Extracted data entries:
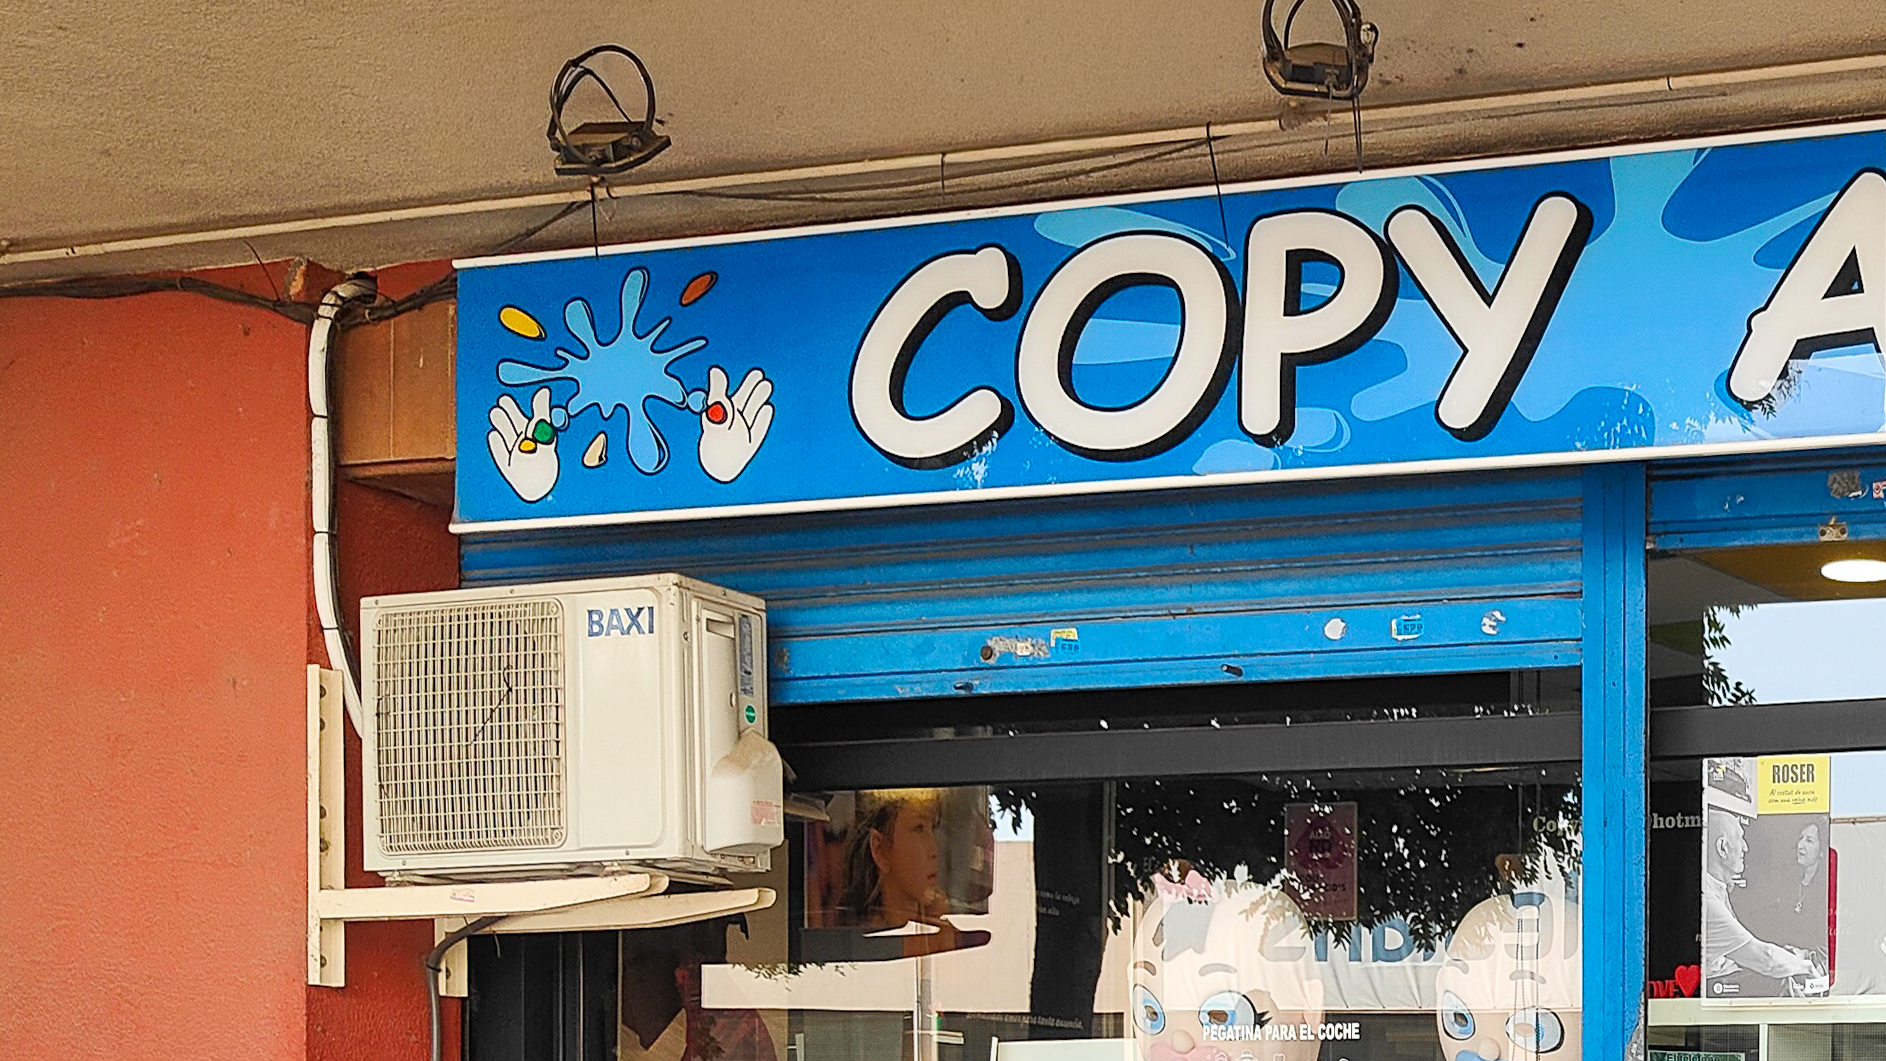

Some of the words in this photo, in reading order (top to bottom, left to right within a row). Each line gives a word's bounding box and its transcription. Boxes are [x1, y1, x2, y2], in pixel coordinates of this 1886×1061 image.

[848, 192, 1594, 467] COPY
[587, 606, 654, 637] BAXI
[1772, 763, 1815, 784] ROSER
[1203, 1025, 1262, 1041] PEGATINA
[1265, 1024, 1297, 1040] PARA
[1300, 1024, 1317, 1040] EL
[1317, 1022, 1361, 1040] COCHE

- [What to produce] Exactly retype each record above, dropping images.

- [Task answer]
Some of the words in this photo, in reading order (top to bottom, left to right within a row). Each line gives a word's bounding box and its transcription. Boxes are [x1, y1, x2, y2], in pixel coordinates of this 1886×1061 image.

[848, 192, 1594, 467] COPY
[587, 606, 654, 637] BAXI
[1772, 763, 1815, 784] ROSER
[1203, 1025, 1262, 1041] PEGATINA
[1265, 1024, 1297, 1040] PARA
[1300, 1024, 1317, 1040] EL
[1317, 1022, 1361, 1040] COCHE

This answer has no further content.